UCHRI WORKING GROUP: VIDEO INTERFACE PILOT DEVELOPMENT PROJECT FOR THE VIRTUAL TRIBUNAL PI: David Cohen, Rhetoric and Classics Department, UC Berkeley http://socrates.berkeley.edu/~warcrime/virtualtribunal.htm The core idea of the Virtual Tribunal is to expand the conventional notion of the archive for International Criminal Tribunals into a powerful educational legacy tool, accessible to local citizens, schools, and universities as well as international audiences and posterity. It brings cutting-edge information technology to bear on what has previously been conceived as a largely archival function of preserving the documentary record of ad hoc courts and tribunals. Through its unique integration of archival materials, videos of the trials, photographs, films, hundreds of hours of interviews with trial participants and ordinary citizens, newspaper accounts, expert commentary and analysis by scholars, the Virtual Tribunal will breathe life into the historical record of these international criminal justice institutions.

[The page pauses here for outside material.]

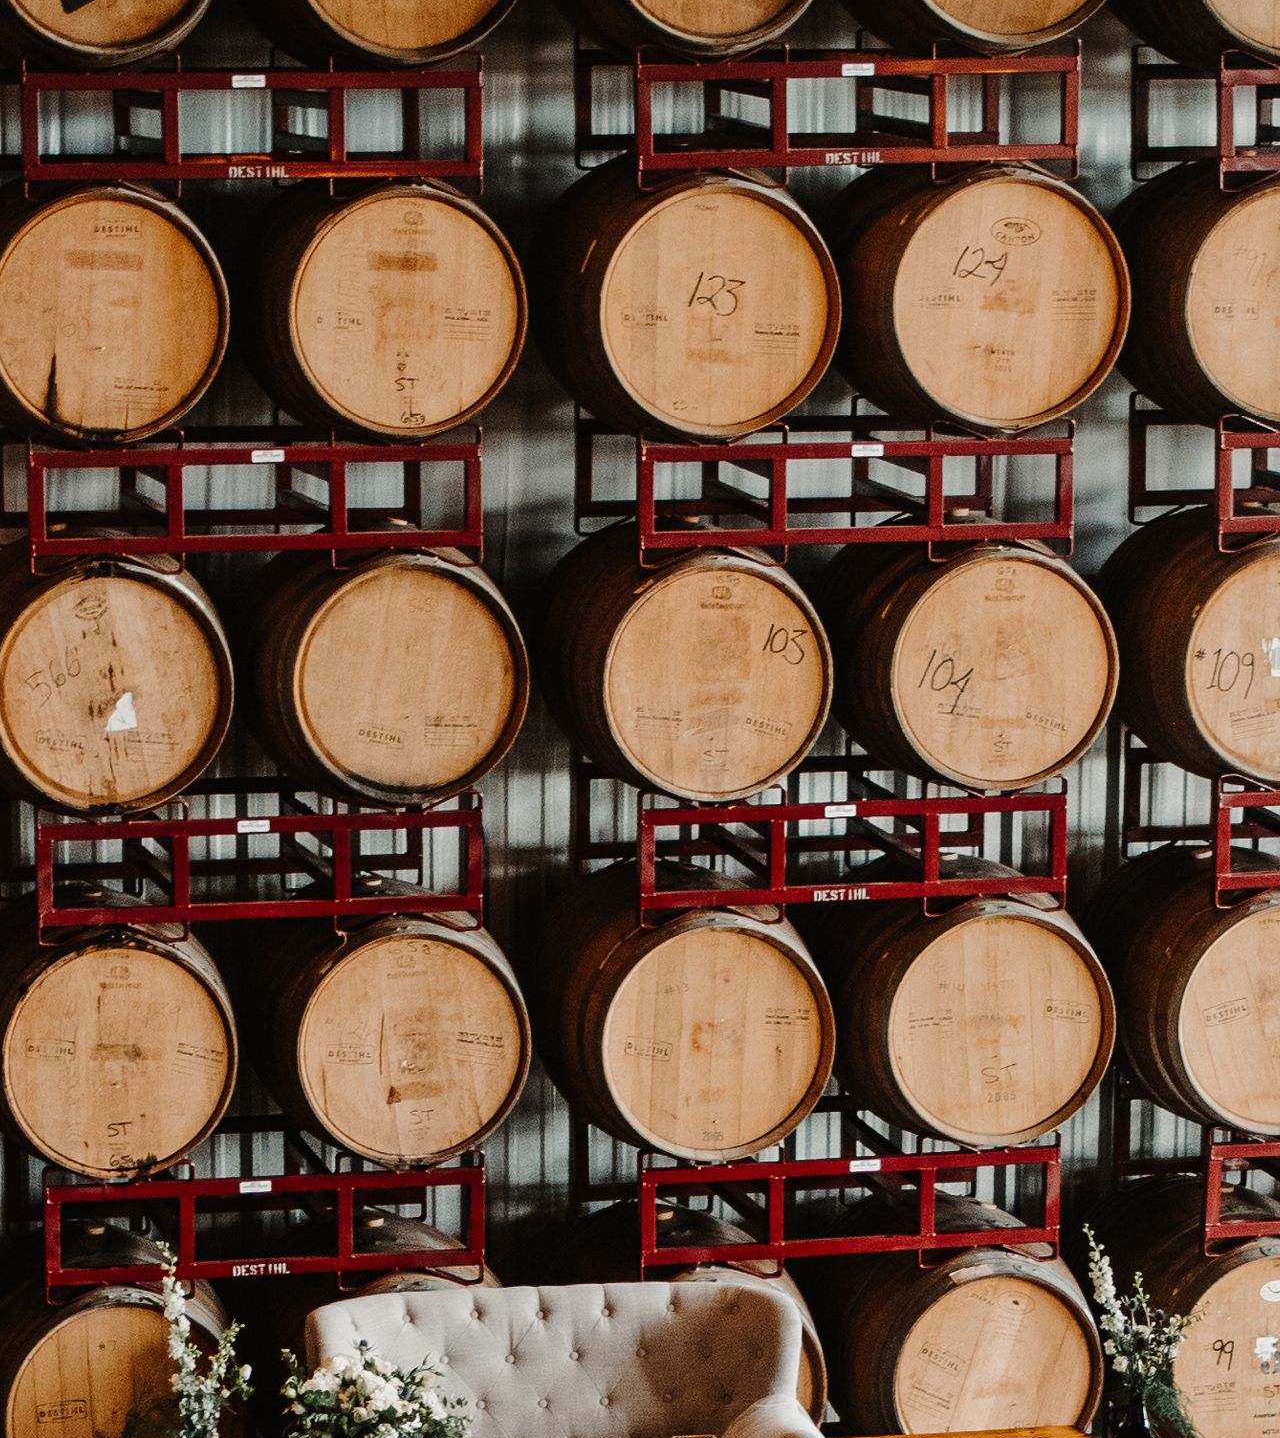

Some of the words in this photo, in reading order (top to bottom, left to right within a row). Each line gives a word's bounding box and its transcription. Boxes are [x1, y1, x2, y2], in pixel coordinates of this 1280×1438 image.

UCHN MULTICAMPUS RESEARCH GROUP: LATINO CULTURES NETWORK PI: Kirsten Silva Gruesz, UC Santa Cruz | The UC Latino Cultures Network brought together UC faculty across departments and fields of specialization working in Latino literary and cultural studies: an emergent field in which the object of knowledge itself is unusually subject to change, as new texts, images, films, and sound recordings are created, made available through translation, and rediscovered in the archives. Not only is the state of knowledge about Latino cultural expression dynamic, the conditions under which this knowledge is produced are more volatile than in a typical Humanities field. Scholars are continually looking to advance new ways of investigating present and past cultural productions in keeping with large-scale demographic shifts and developments in political economy.
UCHRI EVENT: THE TECHNOLOGICAL UNIVERSITY WE COULD BE FOR March 7, 2012 | UC Irvine | A discussion of “the university we are for,” focusing on the impacts new technologies are having on pedagogy and institutional structure on research and engagement in and across the academy. With Geof Bowker, Informatics, UCI; Beth Coleman, Comparative Media Studies, MIT; Johanna Drucker, Information Studies, UCLA; Christopher Newfield, English, UCSB; and Nishant Shah, Centre for Internet and Society.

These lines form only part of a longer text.